Only a tiny number of small organic compounds react stoichiometrically with H₂O₂ to produce a detectable intracellular luminous result. However, boronates aromatics, specifically boronic acids and related esters, react with H₂O₂ to generate a single primary product, the corresponding phenol, with a high yield [24]. According to Zhuang et al. [28] a boronate moiety linked to a fluorophore, such as fluorescein, reacts with H₂O₂ to generate a highly luminous molecule. Boronate esters coupled to fluorophores are cell permeable and immediately interact with intracellular H₂O₂ to generate fluorescent products in cells. Although some of these probes have allowed for the detection and quantification of intracellular H₂O₂, such probe systems are limited in their applicability to biological systems due to their low selectivity, dependence on external enzymes, or incompatibility with biological settings. As a result, developing high-selectivity sensors to monitor H₂O₂ in biological processes is critical. According to multiple researchers, this approach is not restricted to H₂O₂, and that many additional ROS can be evaluated using this analytical technique. On the other hand, aromatic boronates may react stoichiometrically with ONOO^- over a million times faster than H₂O₂, which must be addressed when employing this analytical methodology.

Amplex® Red

Another probe that is often used to measure H₂O₂ is Amplex®Red, N-acetyl 3,7-dihydroxyphenoxazine [29]. The Amplex®Red is oxidized by horseradish peroxidase (HRP) and H₂O₂ to a fluorescent product, the resorufin. Although other single electron oxidizers are able to oxidize Amplex®Red to resorufin, oxidation catalyzed by HRP in the presence of H₂O₂ is highly efficient and greatly increases the yield of resorufin [30]. Therefore, this test is a viable method to continuously measure the formation extracellular H₂O₂ [29]. An important complicating factor is the light mediated by the photochemical oxidation of resorufin in the presence of biological reductants, such as glutathione and NADH, which induce the formation of radicals mediated by resorufin, providing some drawbacks due to radical reactions induced by resorufin. In summary, when H₂O₂ is released from the cell or in mitochondrial cell preparations, the Amplex®Red probe can be used to quantify H₂O₂ in the presence of HRP.
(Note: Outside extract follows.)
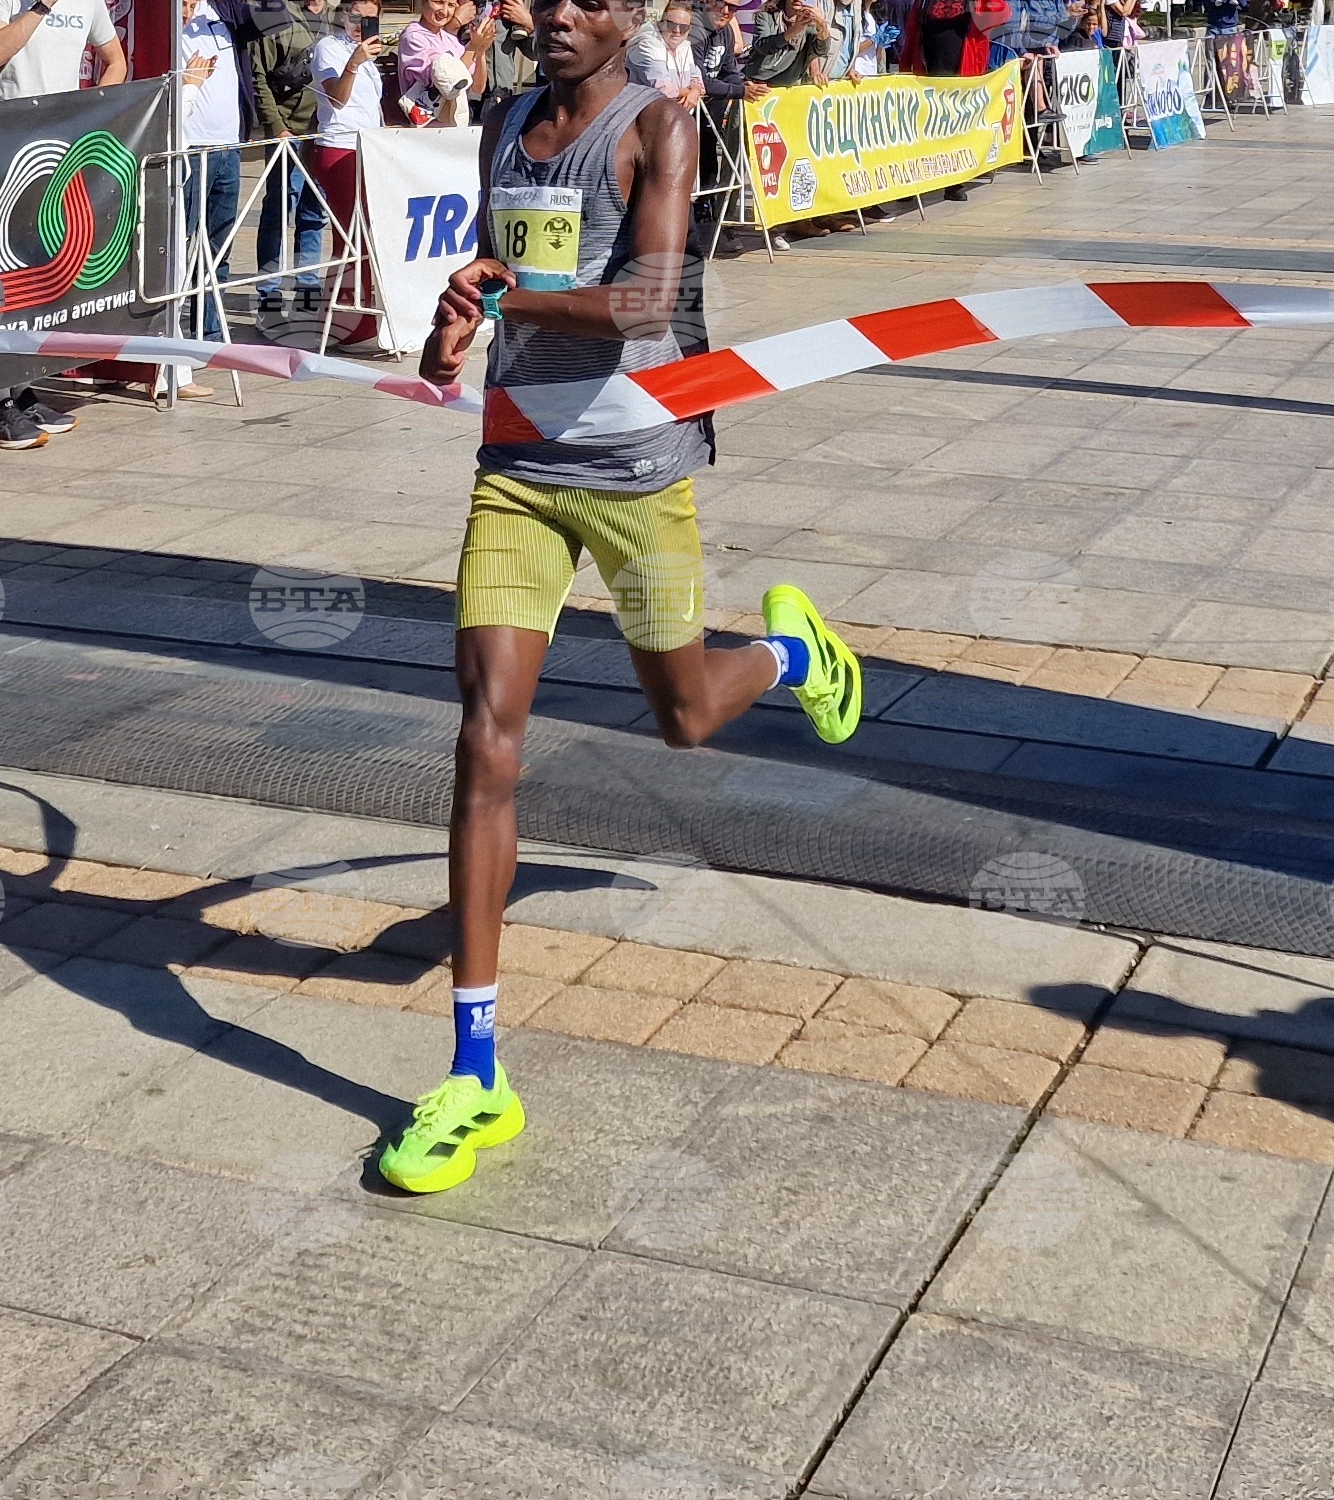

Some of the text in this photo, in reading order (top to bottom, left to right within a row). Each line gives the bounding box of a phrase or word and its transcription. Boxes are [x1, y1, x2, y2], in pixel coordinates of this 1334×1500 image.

[807, 85, 990, 164] ОБЩИНСКИ ПАЗАРИ
[504, 219, 529, 259] 18
[32, 307, 67, 332] лека
[71, 288, 136, 320] атлетика
Fluorescent and Chemiluminescent Probes for RNS Determination

In the scientific literature, there are numerous probes for the detection of ROS and, likewise, several studies have described the application of fluorescent and chemiluminescent probes for the determination of RNS. In this article, we will focus on 4,5-Diaminofluorescein diacetate (DAF2-DA) and Dihydrorhodamine (DHR) probes, which are used to determine NO^· and ONOO^-, respectively [31]. There are now multiple fluorescence-based approaches for detecting ONOO^- that have been developed by various investigations. They are, however, not frequently utilized anymore.

Diacetate of 4,5-Diaminofluorescein

The 4,5-Diaminofluorescein diacetate probe (DAF2-DA) is a fluorescent technique used to measure NO^·. DAF2-DA interacts with NO^· in the presence of O₂ in cells to produce the highly fluorescent triazole fluorescein (DAF-2T), which can be fluorometrically detected at 538 nm and has a green color when stimulated at 485 nm. The DAF2-DA technique, due to its high cellular permeability, enables the monitoring of dynamic fluorescence changes in cells, which is a frequent property of fluorescent probes [30].
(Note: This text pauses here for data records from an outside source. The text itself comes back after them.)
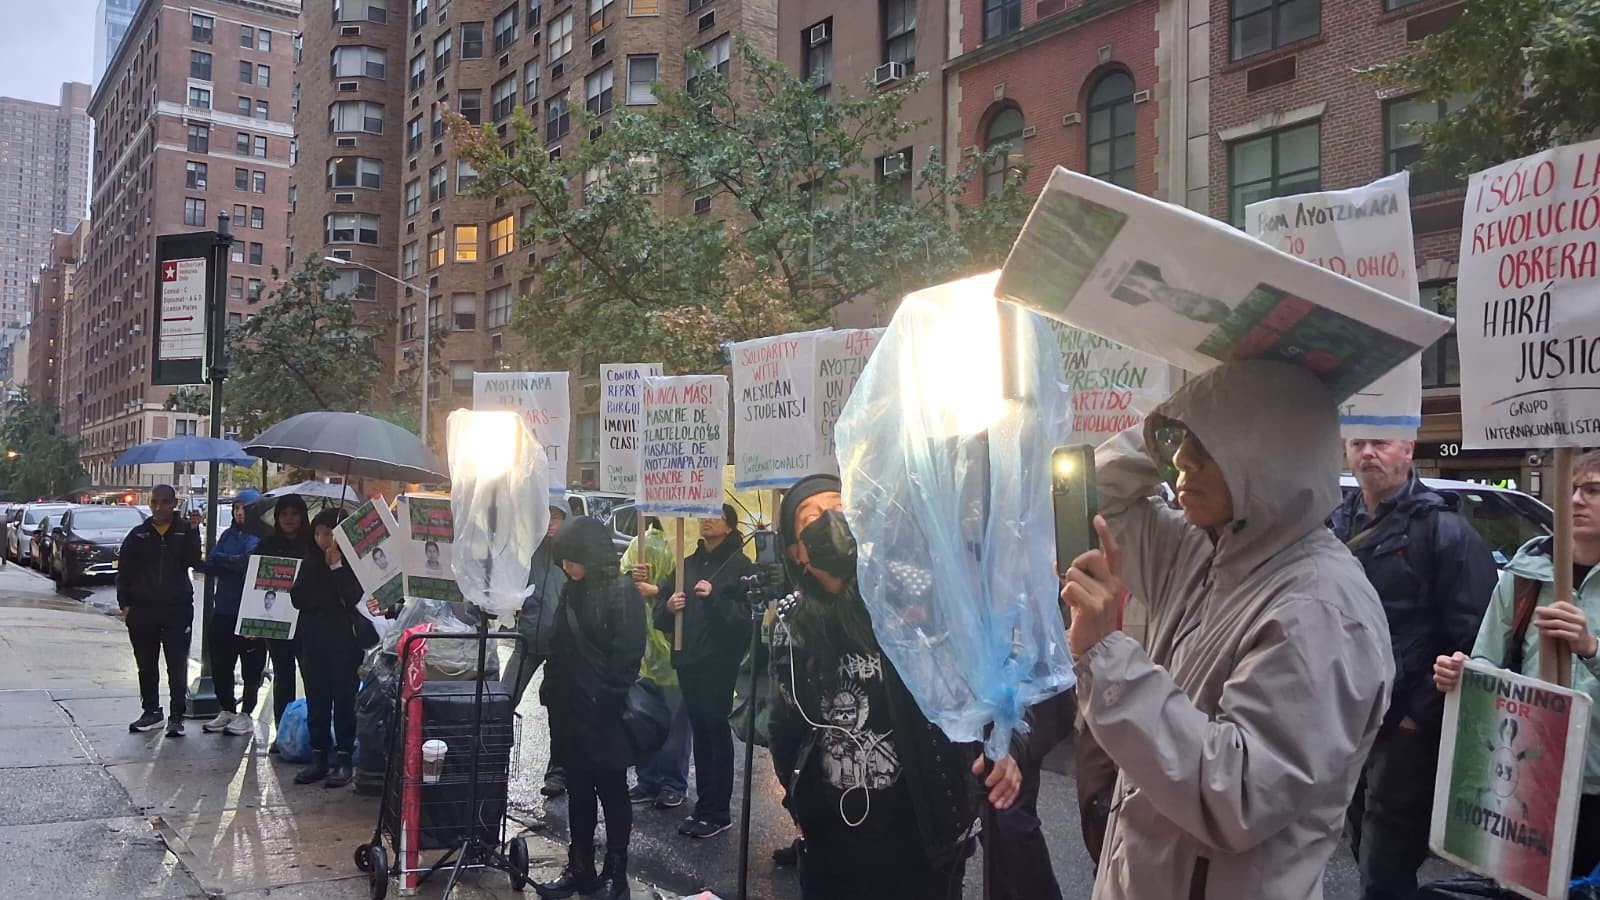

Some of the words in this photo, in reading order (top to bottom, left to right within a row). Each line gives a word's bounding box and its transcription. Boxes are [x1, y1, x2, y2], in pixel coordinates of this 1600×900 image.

[1471, 188, 1600, 256] REVOLUCIÓ
[1498, 240, 1597, 289] OBRERA
[1483, 280, 1552, 338] HARÁ
[741, 341, 798, 367] SOLIDARITY
[753, 362, 779, 381] WITH
[485, 377, 552, 392] AYOTZINAPA
[608, 383, 640, 397] REPRE
[682, 381, 712, 405] MÁS!
[743, 380, 792, 402] MEXICAN
[646, 408, 687, 426] MASACRE
[694, 408, 707, 423] DE
[744, 396, 806, 422] STUDENTS!
[1509, 400, 1549, 417] GRUPO
[644, 442, 684, 457] MASACRE
[692, 442, 707, 455] DE
[1440, 444, 1459, 456] 30
[644, 471, 684, 486] MASACRE
[691, 469, 705, 483] DE
[1467, 672, 1568, 714] RUNNING
[1495, 698, 1531, 718] FOR
[1454, 799, 1549, 857] AYOTZINAPA
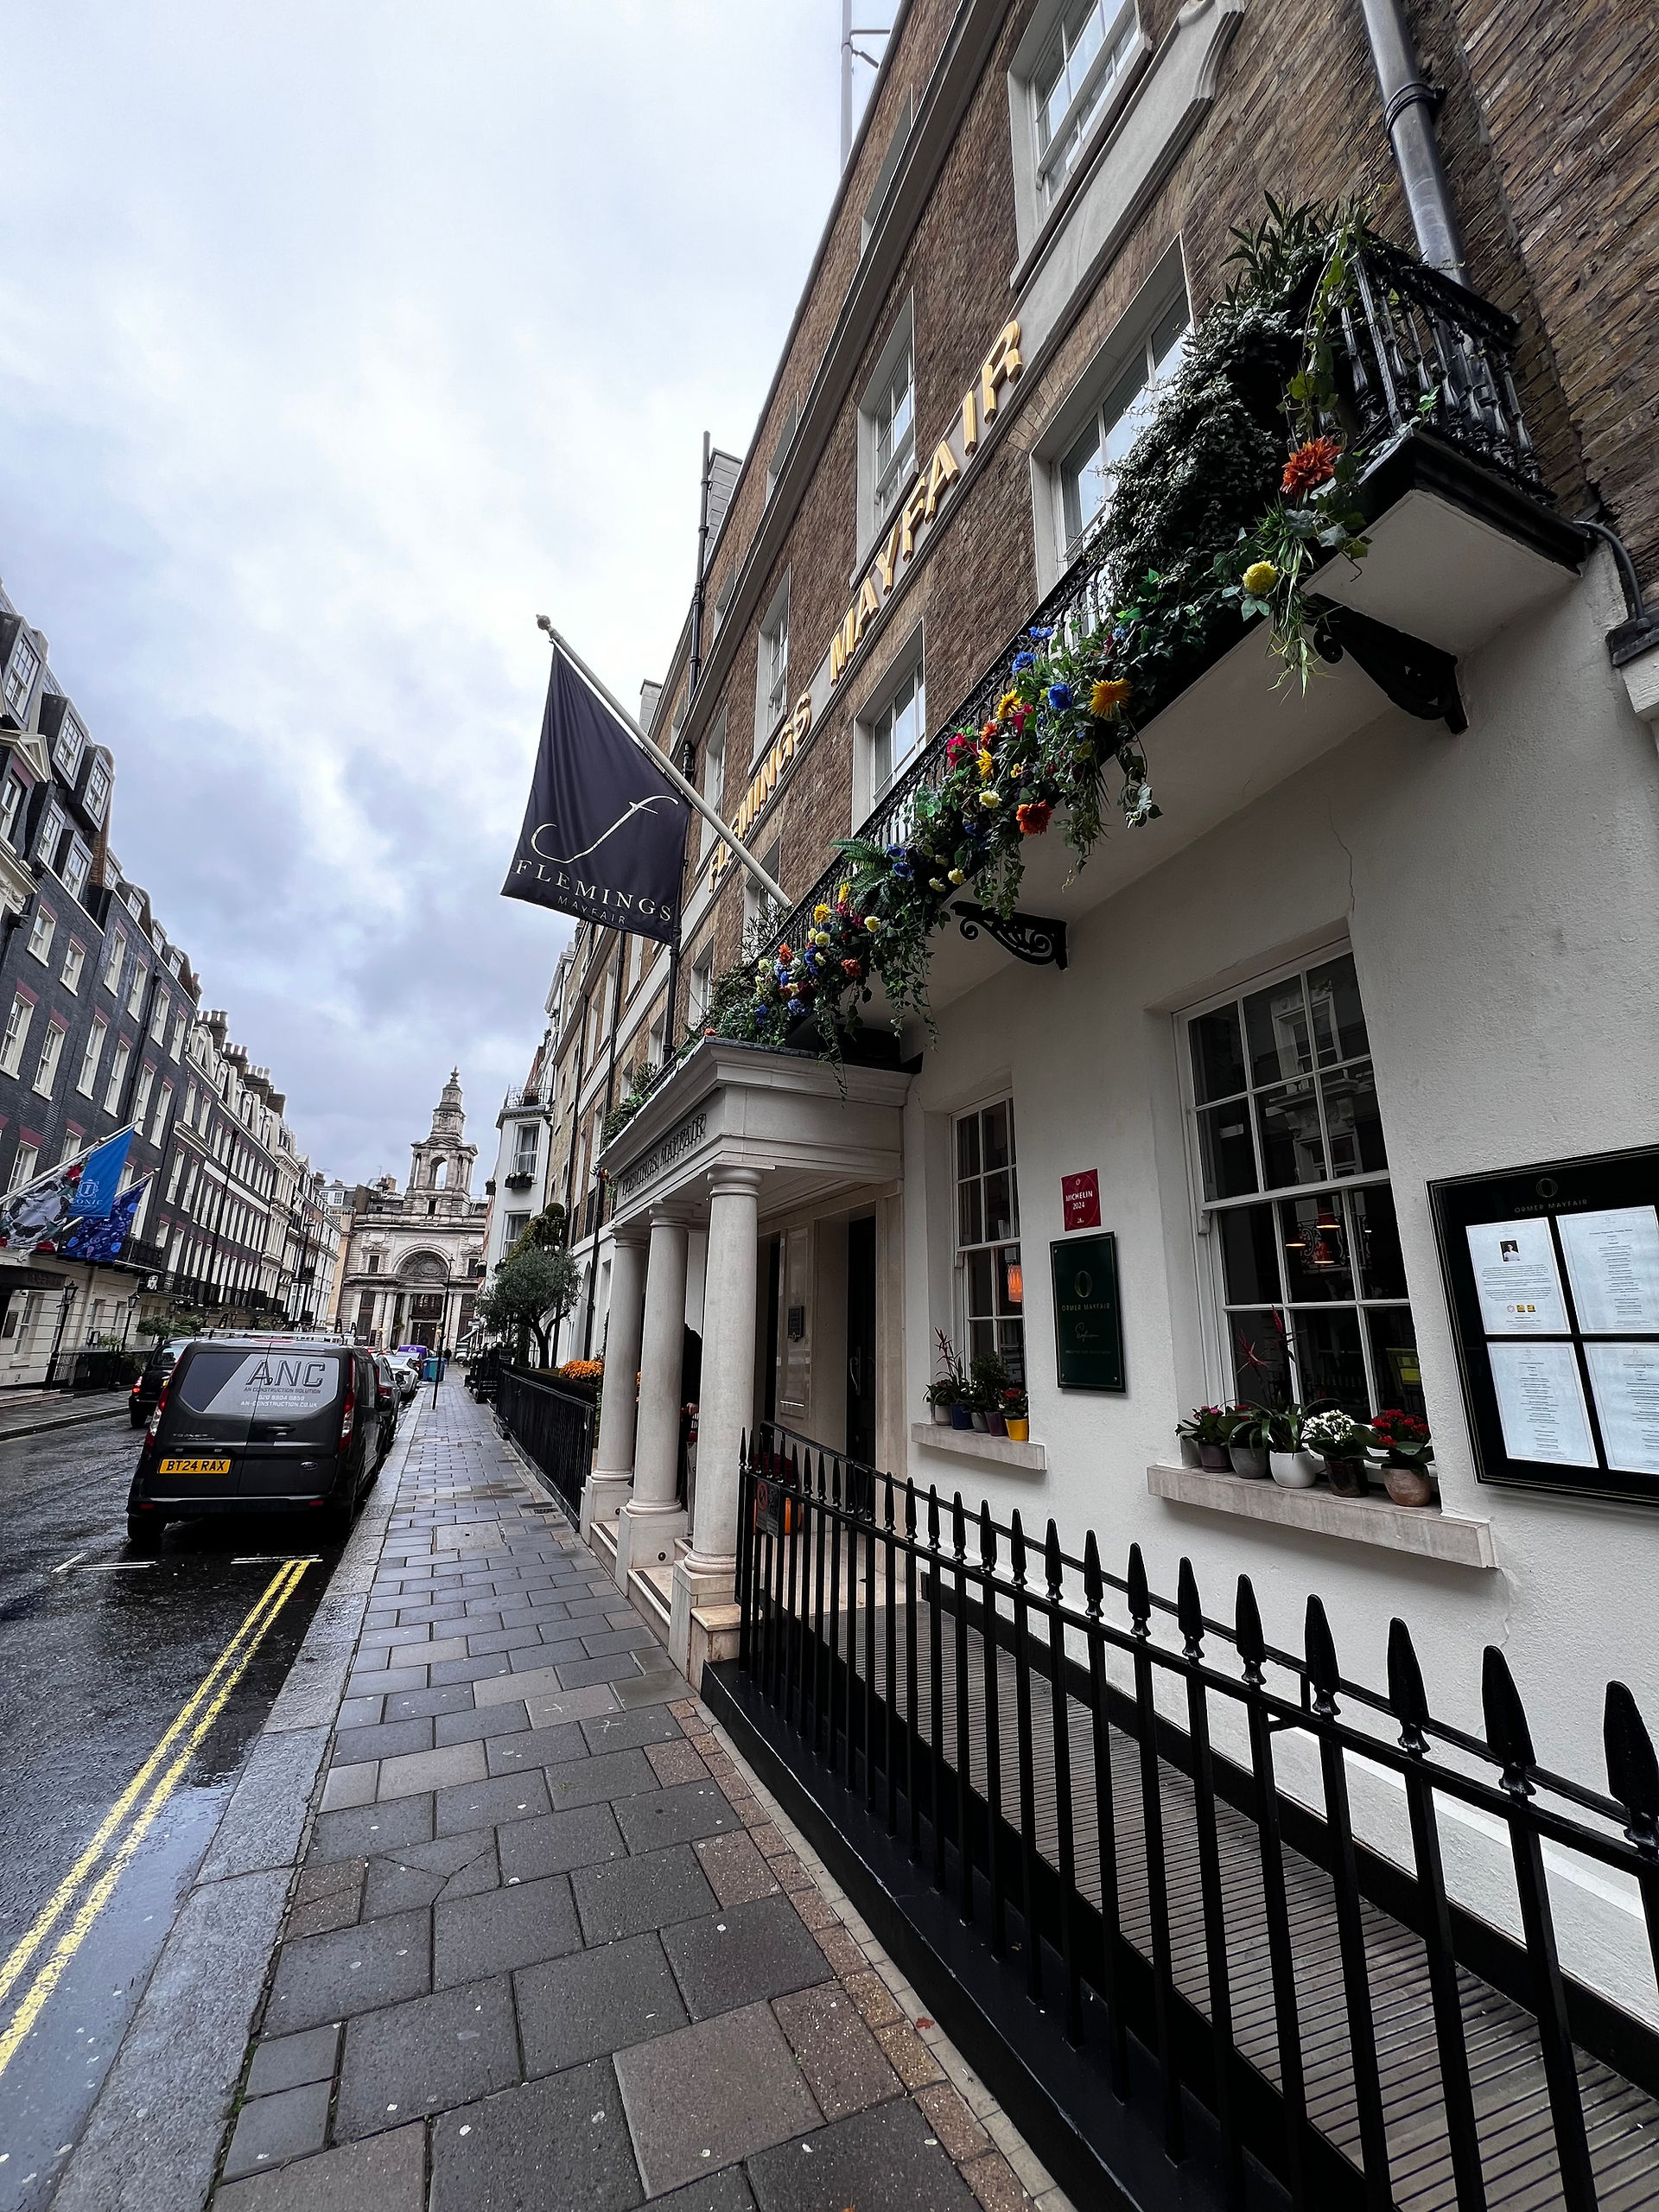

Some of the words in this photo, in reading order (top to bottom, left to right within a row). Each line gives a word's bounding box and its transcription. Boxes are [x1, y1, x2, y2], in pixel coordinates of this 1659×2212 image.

[830, 320, 1023, 688] MAYFAIR
[514, 860, 672, 922] FLEMINGS
[557, 895, 626, 925] MAYFAIR
[1065, 1190, 1093, 1202] MICHELIN
[1072, 1201, 1085, 1211] 2024
[1515, 1204, 1544, 1213] ORMER
[1548, 1198, 1587, 1209] MAYFAIR
[1084, 1302, 1111, 1311] MAYFAIR
[245, 1359, 326, 1388] ANC
[166, 1460, 198, 1471] BT24
[200, 1460, 227, 1471] RAX
The Fluorescence of Dihydrorhodamine

Dihydrorhodamine fluorescence (DHR) is the most commonly used probe for monitoring reactive nitrogen species, specifically ONOO^- [31]. It is distinguished by the fact that it is a luminous red dye [30]. DHR is first oxidized to rhodamine 123, a lipophilic and positively charged molecule, and then the membrane potential traps it in the mitochondria. When the sample is stimulated at 500 nm, the accumulated rhodamine 123 is detected around 536 nm. The oxidative conversion of DHR to rhodamine is mediated by a DHR intermediate radical which, however, can be reduced by thiols and ascorbic acid. Consequently, it leads to false-negative results. Therefore, DHR can only be applied as a non-specific intracellular indicator of ONOO⁻ and HOCl (hypochlorous acid) formation.
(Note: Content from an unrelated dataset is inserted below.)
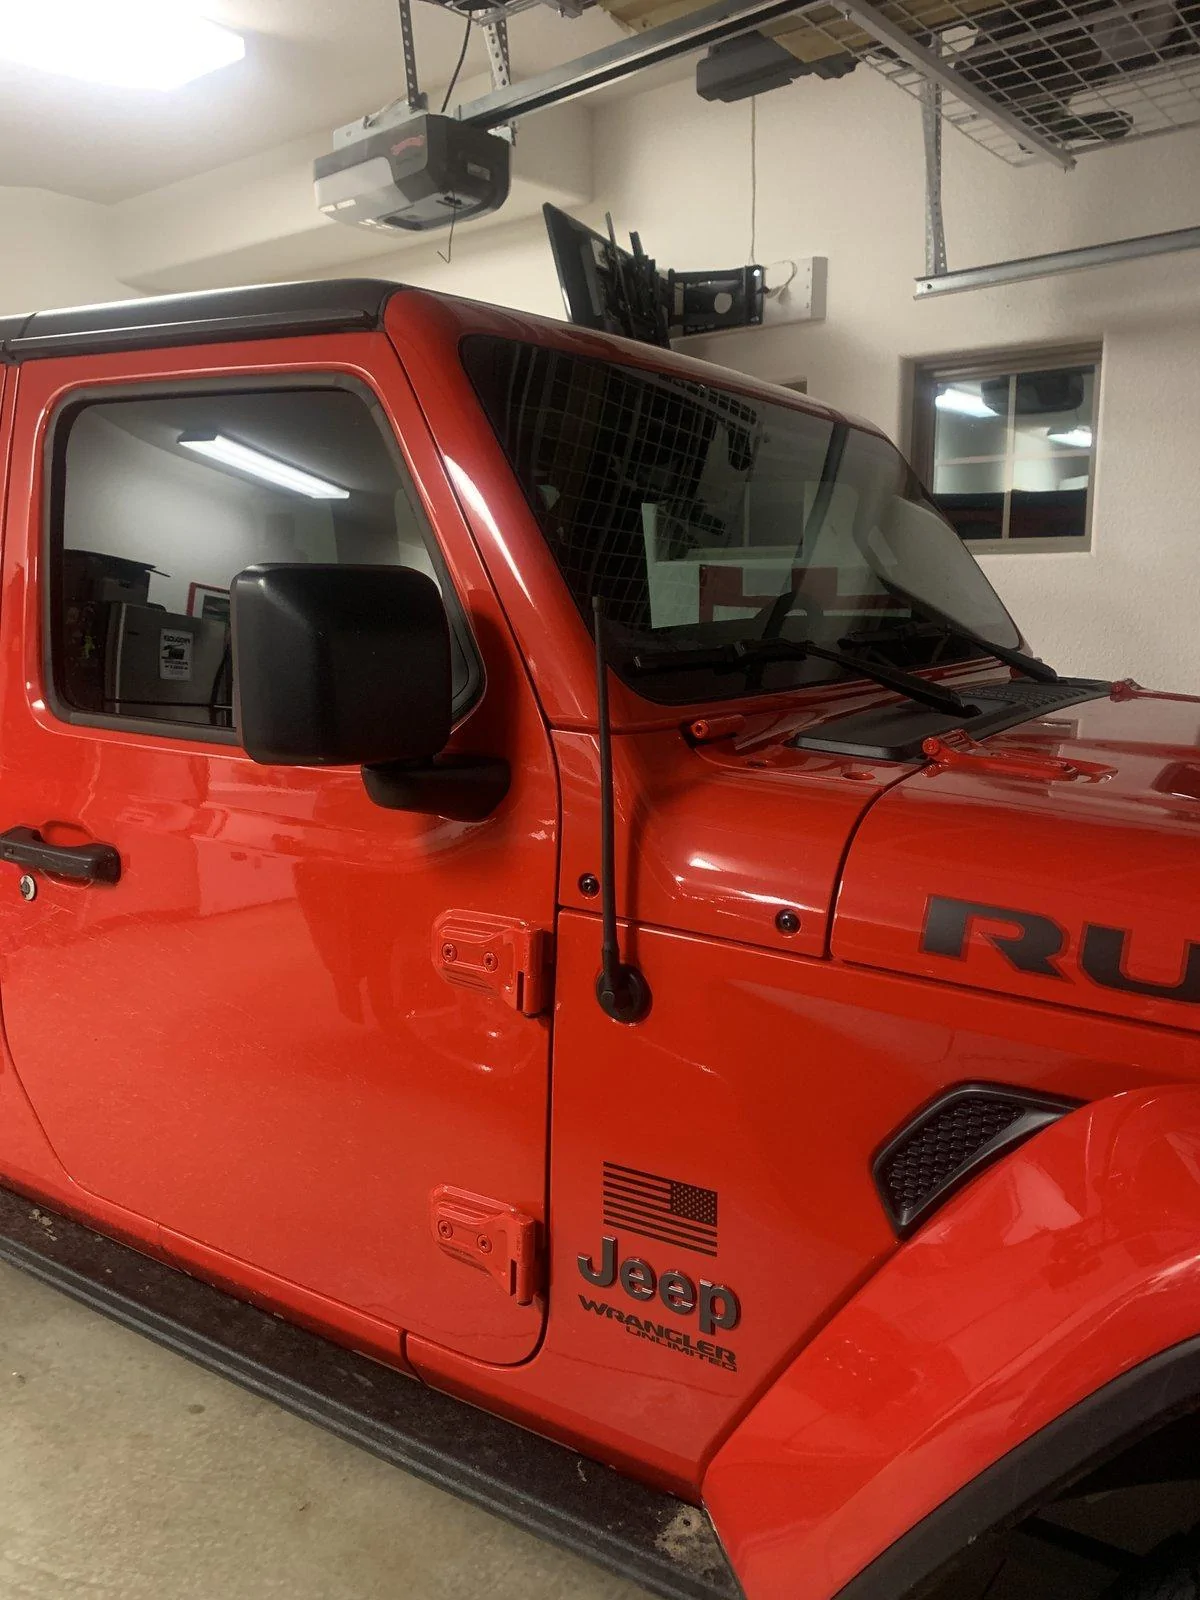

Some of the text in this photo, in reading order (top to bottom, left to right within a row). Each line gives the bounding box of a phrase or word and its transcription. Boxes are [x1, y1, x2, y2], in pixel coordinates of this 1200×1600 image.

[577, 1236, 741, 1335] Jeep
[578, 1294, 737, 1364] WRANGLER
[626, 1325, 738, 1373] UNLIMITED
Biomarker Determination Methods

The biomarker values in the analysis of pooled data from several studies containing a biomarker exposure can vary among laboratories and normally require calibration to a reference assay prior to pooling. There is a wide range of oxidative stress biomarkers and laboratory techniques available, each of which has its own advantages and limitations [32]. Biomarkers are required to measure the state of oxidative stress in vivo, for early detection of diseases or their progression, and, in particular, to assess the efficacy of pharmacological or antioxidant treatment [22]. Because of their inherent properties, quantifying free radicals created in vivo is a complex operation. As a result, chemicals associated with lipid and protein peroxidation have been frequently used to measure oxidative stress. Among the different existing markers, the F2-IsoPs, 8-iso-prostaglandin F2α, lipid hydroperoxides, MDA, 8-OHdG, 8-OHG/8oxoGuo, are currently essential for the determination of oxidative stress.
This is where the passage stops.